One and Only by Lauren Sandler

Source: I received a copy of this book from the publisher via NetGalley for review consideration.

Title: One and Only: The Freedom of Having an Only Child, and the Joy of Being One
Author: Lauren Sandler
Publisher: Simon & Schuster
Expected Release: June 11, 2013
Source: publisher (Edelweiss)

Synopsis:

Debunking the myth that only children are selfish, maladjusted “little emperors,” a prominent journalist makes a funny, tough-minded, and honest case for being and having an only child. Lauren Sandler is an only child with an only child of her own, who found that discussing the choice to stop at one kid was loaded with anxiety, doubt, misinformation, and judgment. After investigating what only children really are like and whether stopping at one child is an answer to reconciling motherhood and modernity, she learned a lot about herself—and a lot about our culture’s assumptions.

In this heartfelt work, Sandler demystifies the perceived problems of the only child and legitimizes a conversation about the larger societal costs of having more than one. Sandler considers hundreds of studies and interviews, traveling around the world to discover that only children are just fine, their parents often happier, and our planet is better off for them.

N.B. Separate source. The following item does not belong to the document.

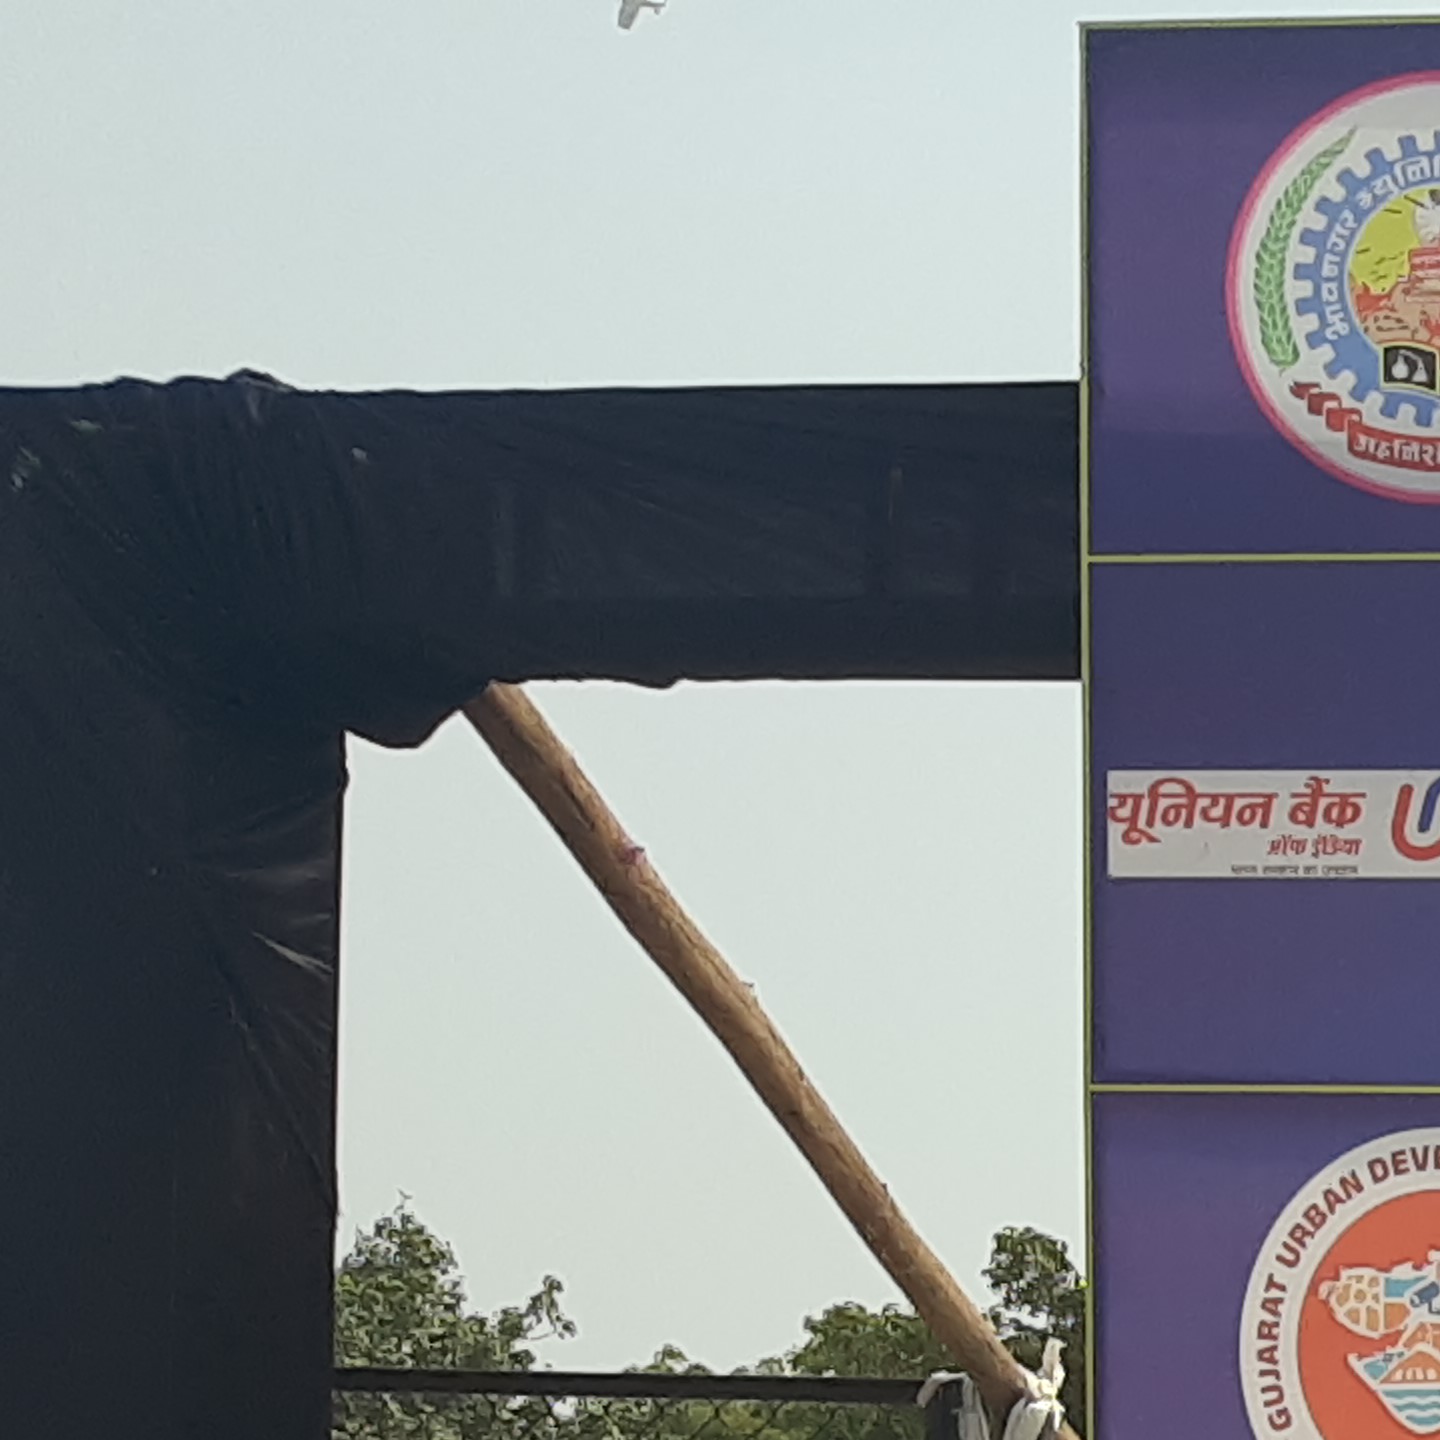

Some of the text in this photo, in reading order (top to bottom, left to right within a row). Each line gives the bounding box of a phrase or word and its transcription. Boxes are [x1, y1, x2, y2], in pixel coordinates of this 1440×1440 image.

[1107, 775, 1367, 845] यूनियन बैंक
[1257, 1273, 1292, 1433] GUJARAT
[1275, 1170, 1365, 1269] URBAN

Sandler’s controversial revelations will probably draw rebukes from the majority of parents who believe that having several children is the healthiest model for all members of a family. Others will claim that she’s quite possibly cracked the code of happiness, demonstrating that having just one may be the way to resolve our countless issues with adulthood in our overtaxed age.

One and Only was such an encouraging read! As a fellow mother to an only child, it felt good to read that my concerns and fears are shared by other parents of onlies. I also gained understanding into a few of the reasons why adult onlies sometimes make such impassioned cases against their friends and family members having singletons.

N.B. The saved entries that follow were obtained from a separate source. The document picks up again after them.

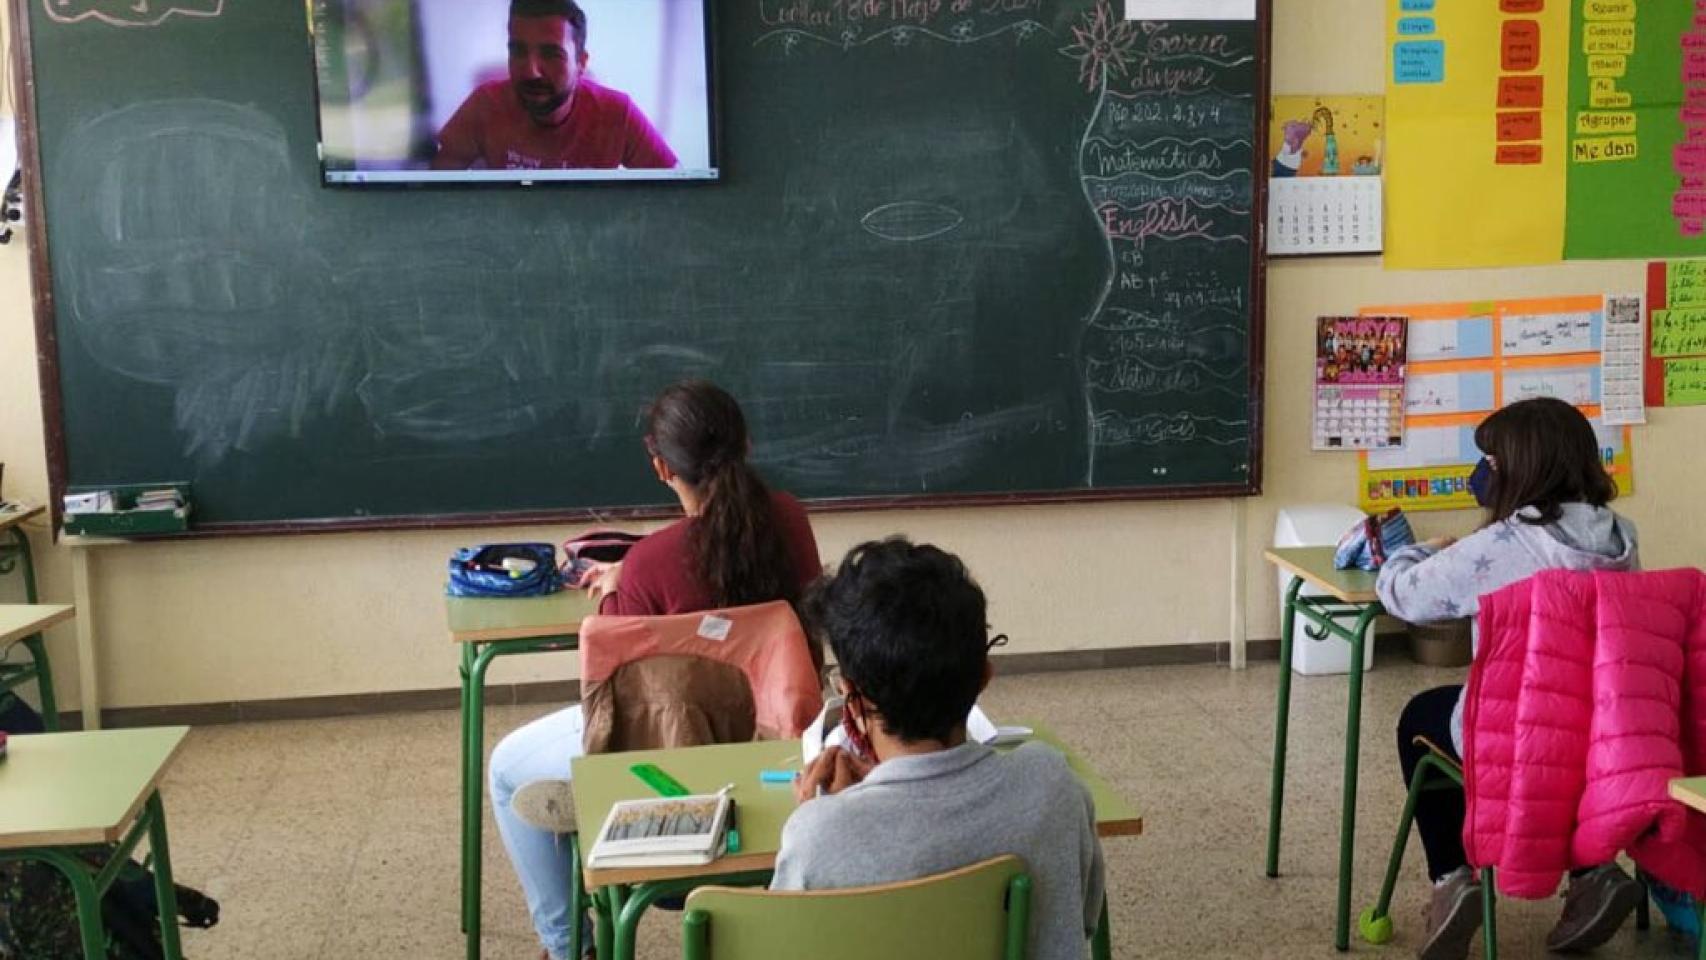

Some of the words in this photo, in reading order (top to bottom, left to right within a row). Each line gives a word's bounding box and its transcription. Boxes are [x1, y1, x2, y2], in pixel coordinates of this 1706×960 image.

[1580, 113, 1633, 129] Agrupar
[1575, 143, 1599, 160] Me
[1603, 140, 1635, 157] dan
[1103, 198, 1214, 250] English
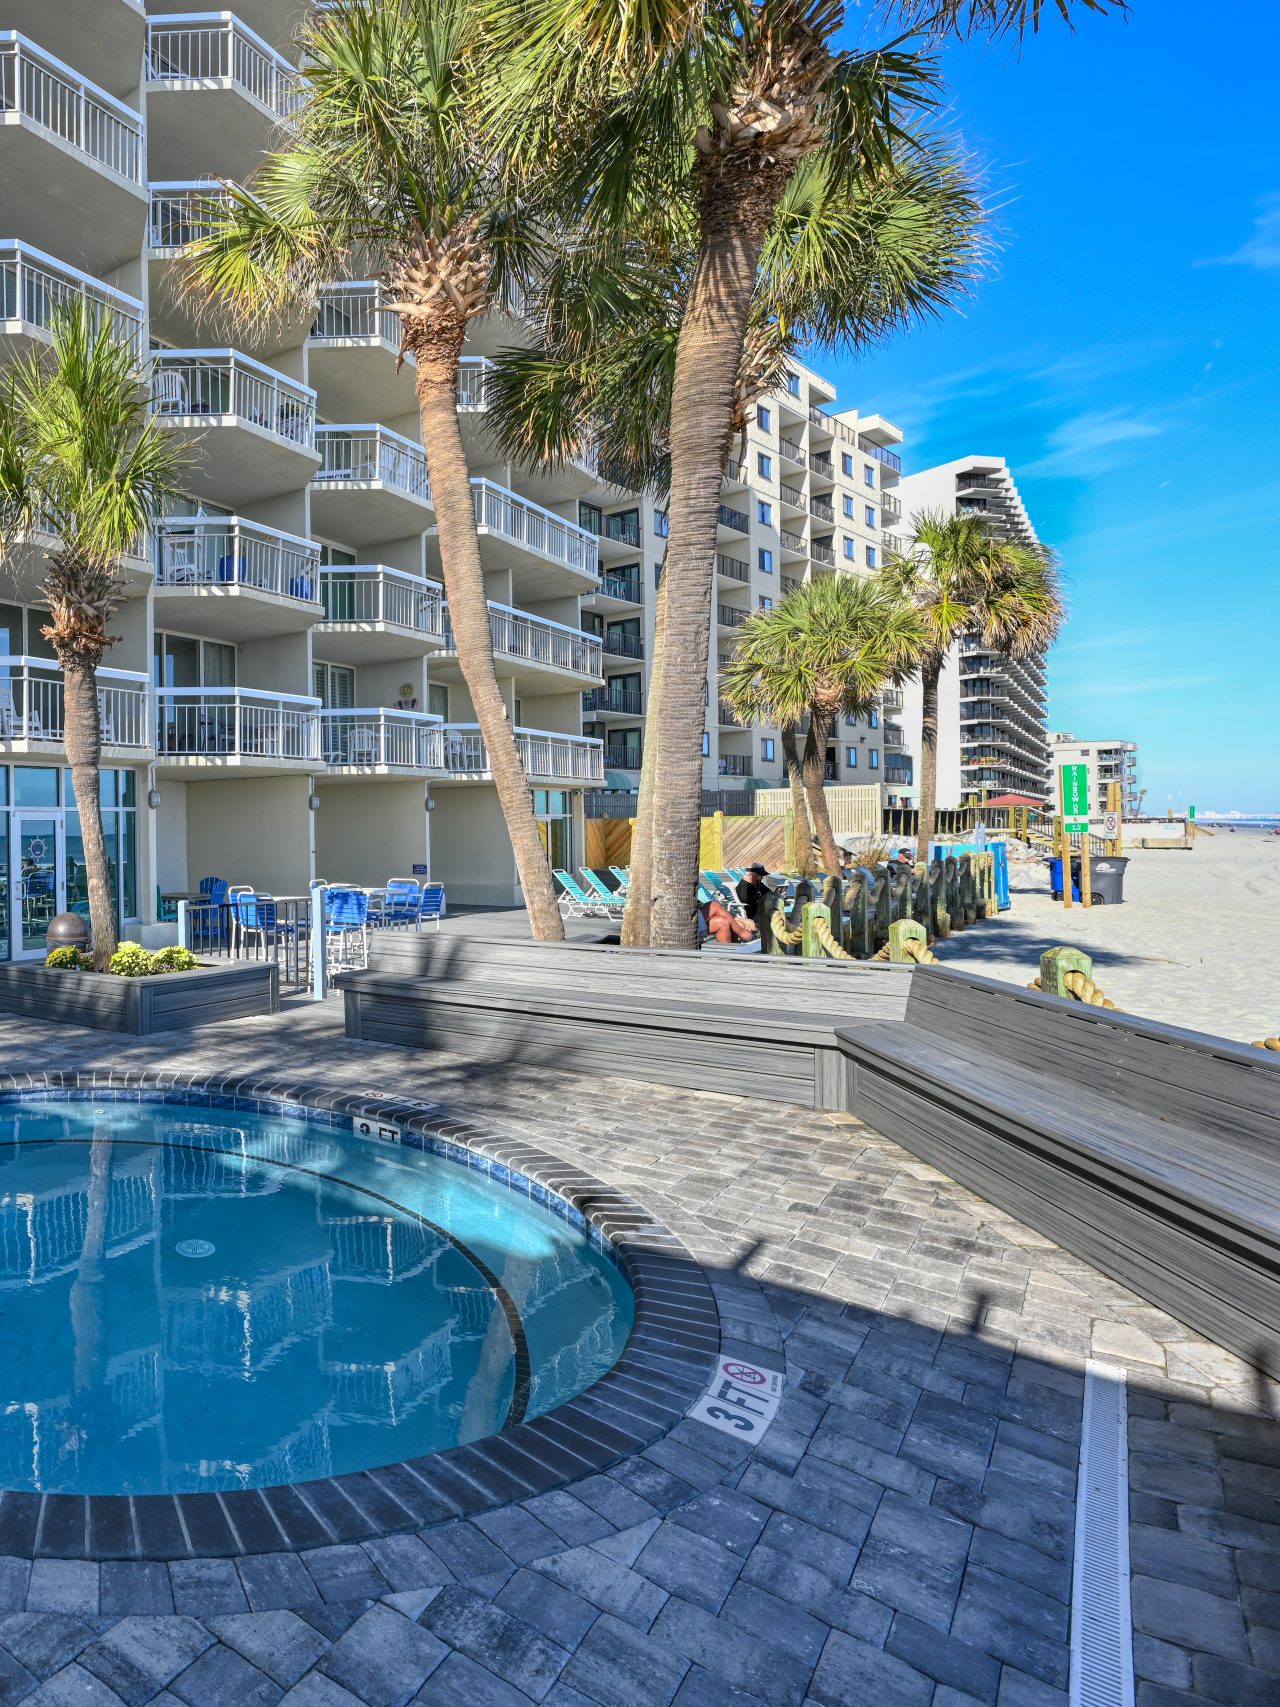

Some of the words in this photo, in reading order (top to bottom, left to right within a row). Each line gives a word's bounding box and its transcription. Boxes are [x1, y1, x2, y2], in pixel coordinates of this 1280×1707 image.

[1073, 804, 1078, 814] DR
[717, 1380, 769, 1415] FT
[706, 1406, 754, 1431] 3

A recurring theme in the book is “contrary to popular belief.” I almost thought it should be the book’s subtitle! It seems most of the myths about only children (and their parents) are purely anecdotal and not supported by research. I love that Lauren Sandler points out faulty and subjective reasoning when it occurs, especially when it’s one of the many, common arguments against having an only child. Sandler also explores some of the sociological reasons behind the thought that onlies are unnatural. No matter what studies show, this perception seems to be deeply embedded in our culture. It’s very hard to counteract. Sandler portrays this struggle well, and I felt a camaraderie with her because of that.

I wish Sandler had been a little bit more specific in her language in the chapter “The Fruitful Mandate.” She used all-encompassing phrases such as “the faithful” and “church communities” when the specific behaviors and beliefs she was referring to apply to the Christian right. The people she interviewed and quoted regularly made this distinction, but you have to read between the lines to realize Sandler does, too.

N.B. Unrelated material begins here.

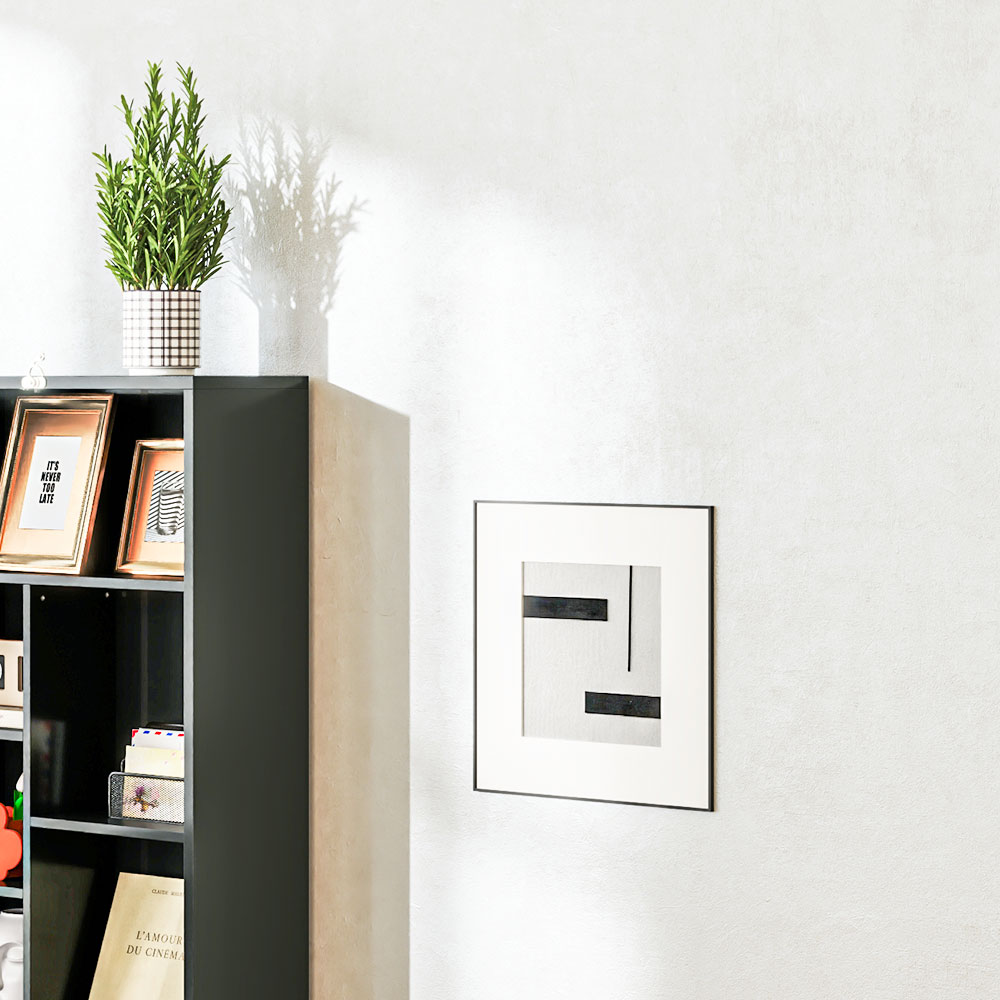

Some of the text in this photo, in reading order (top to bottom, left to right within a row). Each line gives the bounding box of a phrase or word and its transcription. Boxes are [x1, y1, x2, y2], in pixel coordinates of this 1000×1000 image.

The conclusion, “Against Folly,” was amazing. Sandler’s voice really shines through in these pages, and it’s easy to feel a connection with her. And there is a powerful, powerful quote by Alice Walker’s mother which touched me personally. The conclusion wraps everything up nicely; a difficult task, considering how multifaceted the topic is.

One and Only: The Freedom of Having an Only Child, and the Joy of Being One by Lauren Sandler will be released by Simon & Schuster on June 11, 2013.

I received a copy of this book from the publisher via Edelweiss in exchange for an honest review. I did not receive any other compensation for this review.

  • Thanks for this interesting review about what sounds like a thought-provoking book. I wish our society would come to a place where we stop judging the choices other families make. What works for one family doesn’t necessarily work for the next. While I understand the laudable goals of the book, I still wonder to what extent Sandler is using this book to serve as a basis for judging families that choose to have more than one child (“Sandler… legitimizes a conversation about the larger societal costs of having more than one”). There are pluses and minuses to every parental decision, whether it was to have only one child or to have four.

  • I wish society could get to that place, too. It seemed like this book was born out of an idea to counteract judgmental ideas about singletons and support those who’ve made the “one and done” decision. But I definitely wondered at times while reading if it was going to get judgy toward other family choices, and in some places it did feel like it was heading in that direction. I didn’t get the feeling it was her *intention* to do so, though, and the conclusion cleared up a lot of those feelings for me. (She basically says it’s nobody’s business what others decide for their families.) I’m sure that perception was colored by my experiences being judged for having only one. I very well could have given the author too much benefit of the doubt, I’m not sure. But yes, a very thought-provoking book, for sure!